Housing & Sheltering Comm Co-Chairs: Greg Stutsman left, Nancy Gregg to his left
On Wednesday morning the Housing & Sheltering Committee voted unanimously NOT to recommend to the Amherst Select Board they support passage of House Bill No. 2225 "An act relative to the definition of low and moderate income housing."
The bill if passed would essentially water down the requirements imposed on cites and towns to maintain a 10% ratio of "affordable" housing stock by allowing mobile homes to be counted as affordable.
Co-Chair Greg Stutsman told the committee he "couldn't recommend trying to create a loophole."
After hearing public comment from knowledgeable observer Walter Wolnik the committee agreed to take up discussion at their next meeting of spearheading a campaign to modify the Pacheco Rule, which currently restricts UMass from working with private developers to build student housing.
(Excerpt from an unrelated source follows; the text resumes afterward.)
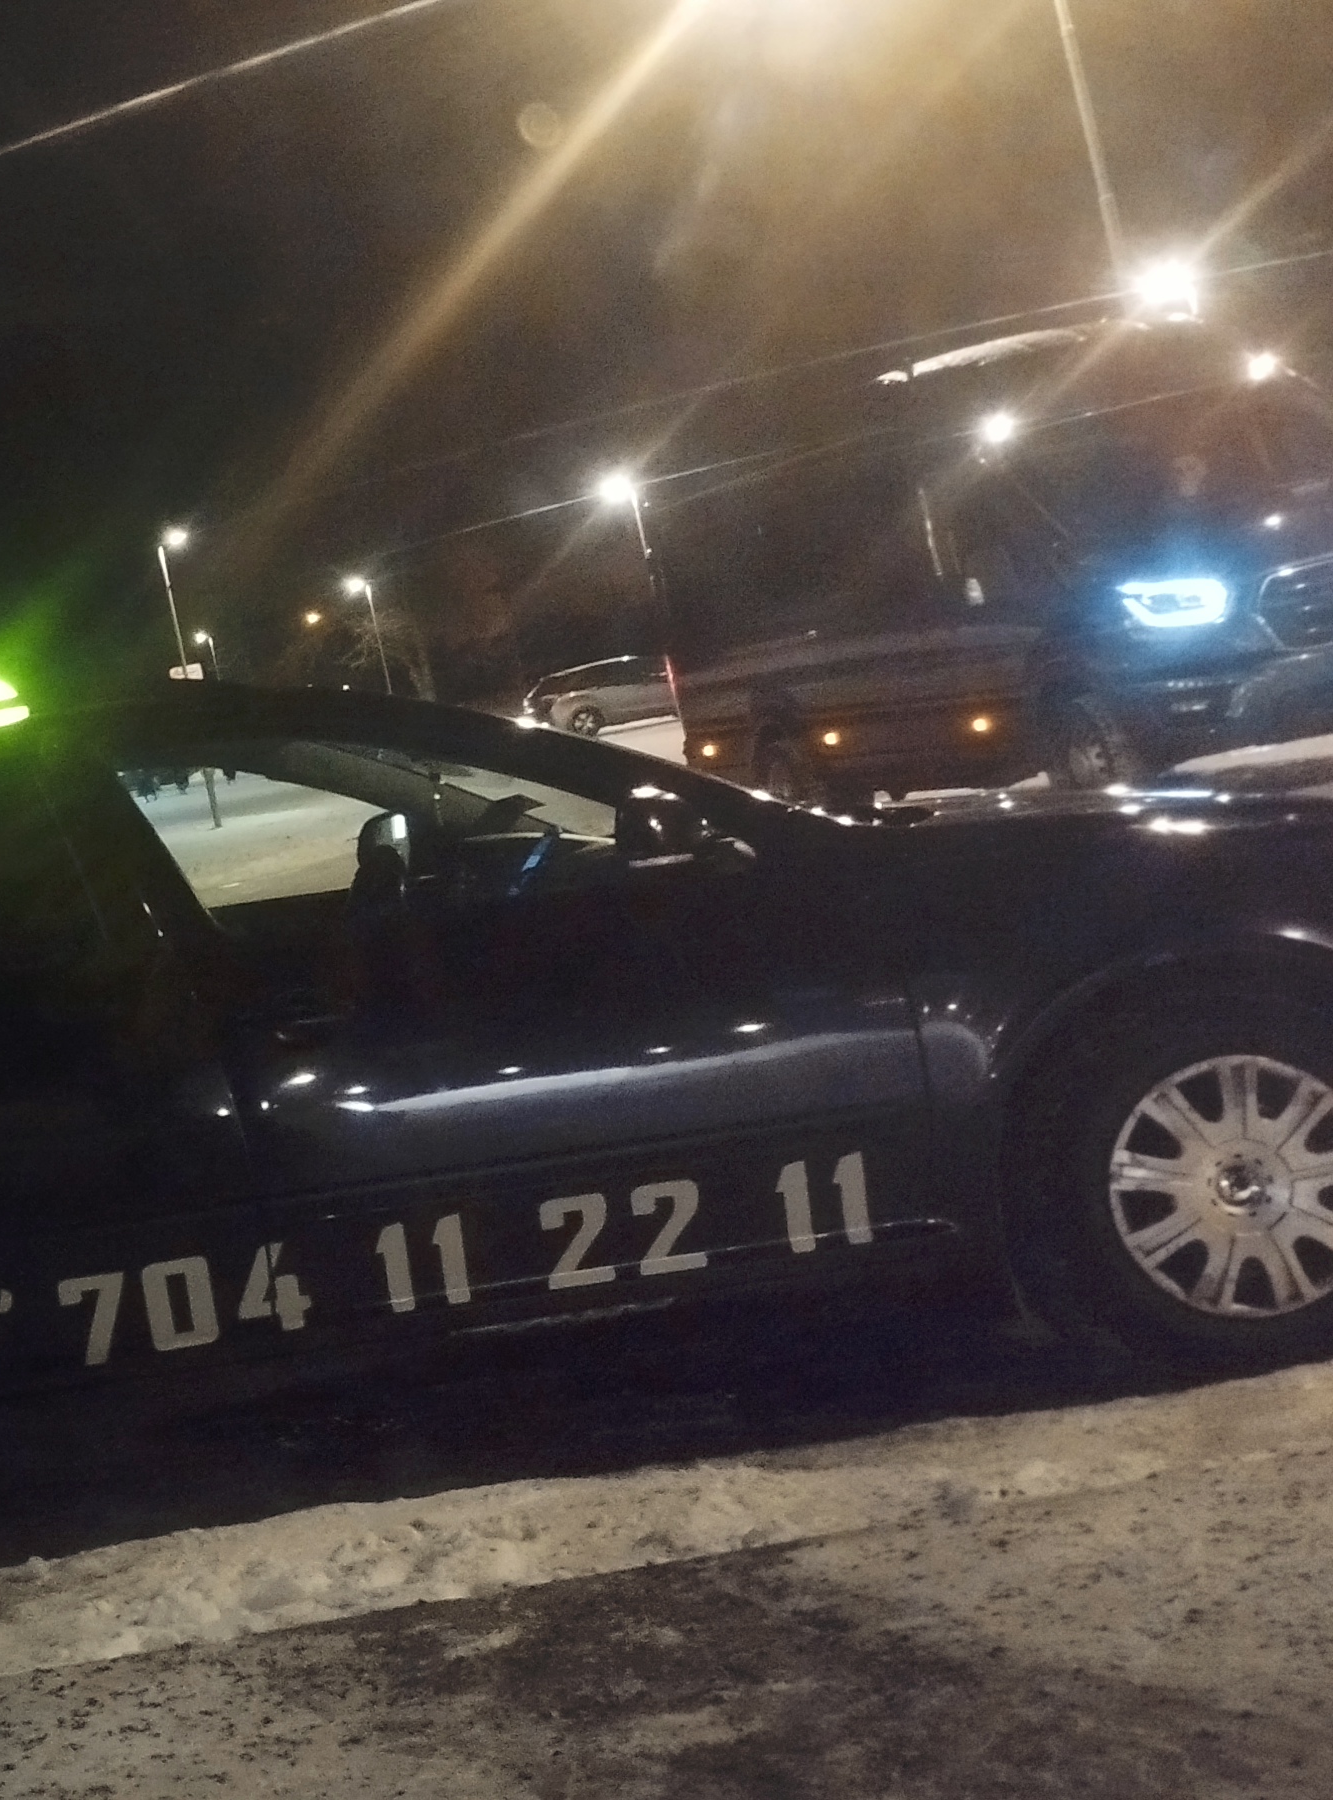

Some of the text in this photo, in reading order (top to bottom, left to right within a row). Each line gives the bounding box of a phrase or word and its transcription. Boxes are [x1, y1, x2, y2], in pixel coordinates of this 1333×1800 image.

In a recent column in the Amherst Bulletin UMass Chancellor Subbaswamy cited UMass as "the third-largest residential campus in the nation," and went on to declare "the university is committed to exploring the feasibility of a legislative remedy that would allow us to pursue public-private partnerships to address our housing needs."
Due to the overwhelming influence of higher education, college students make up over half the town's population. And this demographic is inadequately served, as any large off campus housing proposal over the past 30 years must survive a gauntlet of well armed NIMBY opposition, which few have managed to do.
As a result single family homes dispersed throughout Amherst neighborhoods are snapped up by investors who subdivide the units into student rooming houses that sometimes mimic the antics of "Animal House".